Monday 18 February 2013

Who'd want to be a manager?

Yesterday on  Newark North Gate Station I saw a  huge  poster which advises young people with degrees in physics that, if they become teachers, they could rise to management positions within four years. This is offered as an enticement rather than a threat.

I find this bewildering.  Surely the people we want to become physics teachers are those who are terribly keen on physics and wish to impart their enthusiasm to others, not those who want to get out of the classroom and into "management" as quickly as possible.  I have long argued that to be a good teacher you need three qualities:

  • an enthusiasm for  the subject  and sufficient knowledge of it for the level at which you're teaching:
  • an ability to communicate:
  • respect for the people you're teaching, be they infants, children,adolescents, or adults.
Essentially managers make lists. This is very important.  In schools good lists ensure that the right pupils get to the right teacher at the right time, in hospitals that the right patients get to see the right doctors, and so on.  Being a good list maker is not as easy as many people think, as I discovered in the brief period when I was a deputy head. But to assume  that list-making ability is more important than  being a good teacher, doctor, artist, probation officer, musician, entrepreneur  or whatever,  is mistaken  It is also mistake to assume that those who are good at their profession are actually good at making lists.

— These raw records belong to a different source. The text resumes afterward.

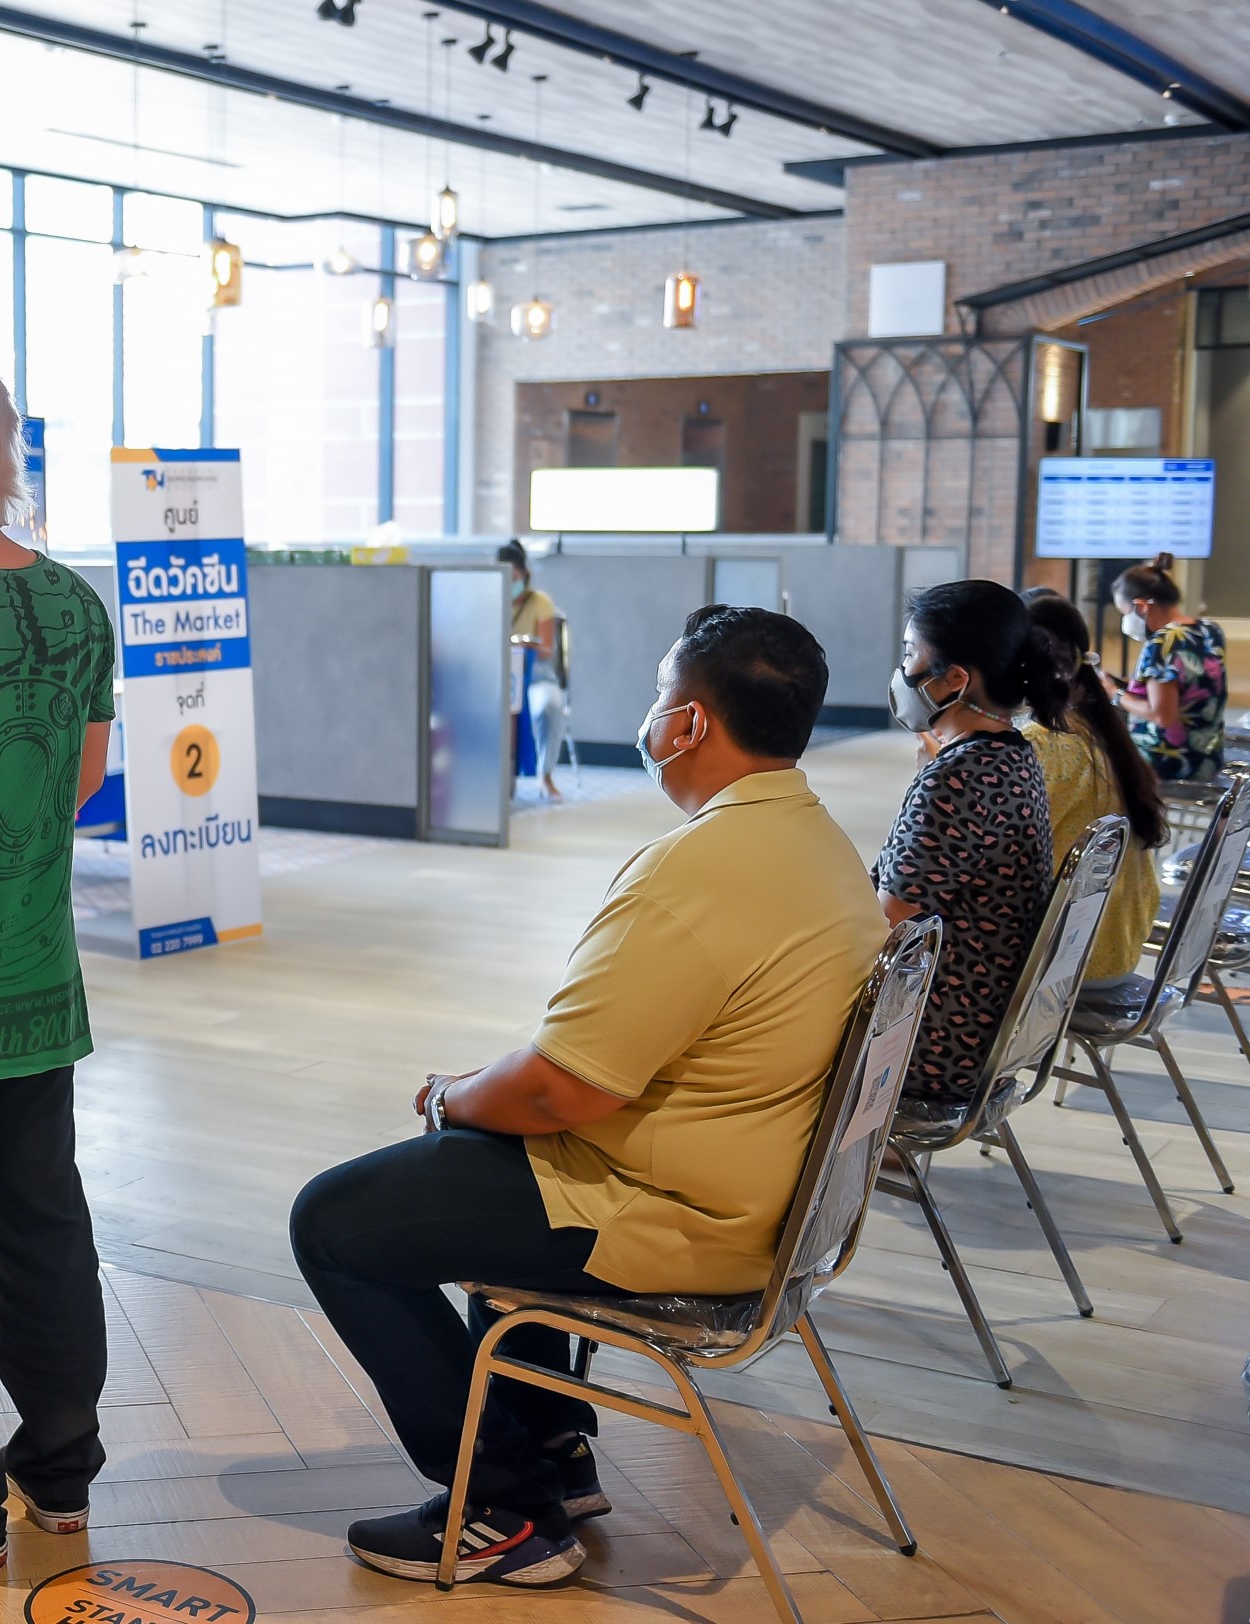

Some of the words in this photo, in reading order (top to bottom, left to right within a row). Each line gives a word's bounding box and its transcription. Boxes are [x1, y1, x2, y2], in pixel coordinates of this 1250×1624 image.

[164, 499, 199, 533] ศูนย์
[126, 553, 239, 598] ฉีดวัคซีน
[131, 610, 166, 636] The
[174, 606, 241, 633] Market
[185, 743, 204, 779] 2
[140, 813, 252, 859] ลงทะเบียน
[85, 1569, 240, 1622] SMART

A friend who qualified as a teacher in the same year as I claims: "It all want wrong when they began to talk about middle management."   If we are to have the best possible schools, hospitals, universities, etc we need to attract those who are keen to do the actual job, not those who are keen to "rise" out of it as quickly as possible. We need to reverse the present culture, so that managers are seen as the servants of practitioners and not their masters.


1 comment:

  1. Totally agree Peter.
    We have seen some very good teachers become disastrous managers - one head springs to mind.
    The same advert apeals for Maths teachers, even more misleadingly, for I have known brilliant mathematicians who were disastrous both as teachers and managers! Sadly some teachers have got 'it' - the ability to communicate - whilst others have not. However much advice,inspection and counselling you give them you cannot change their 'style'.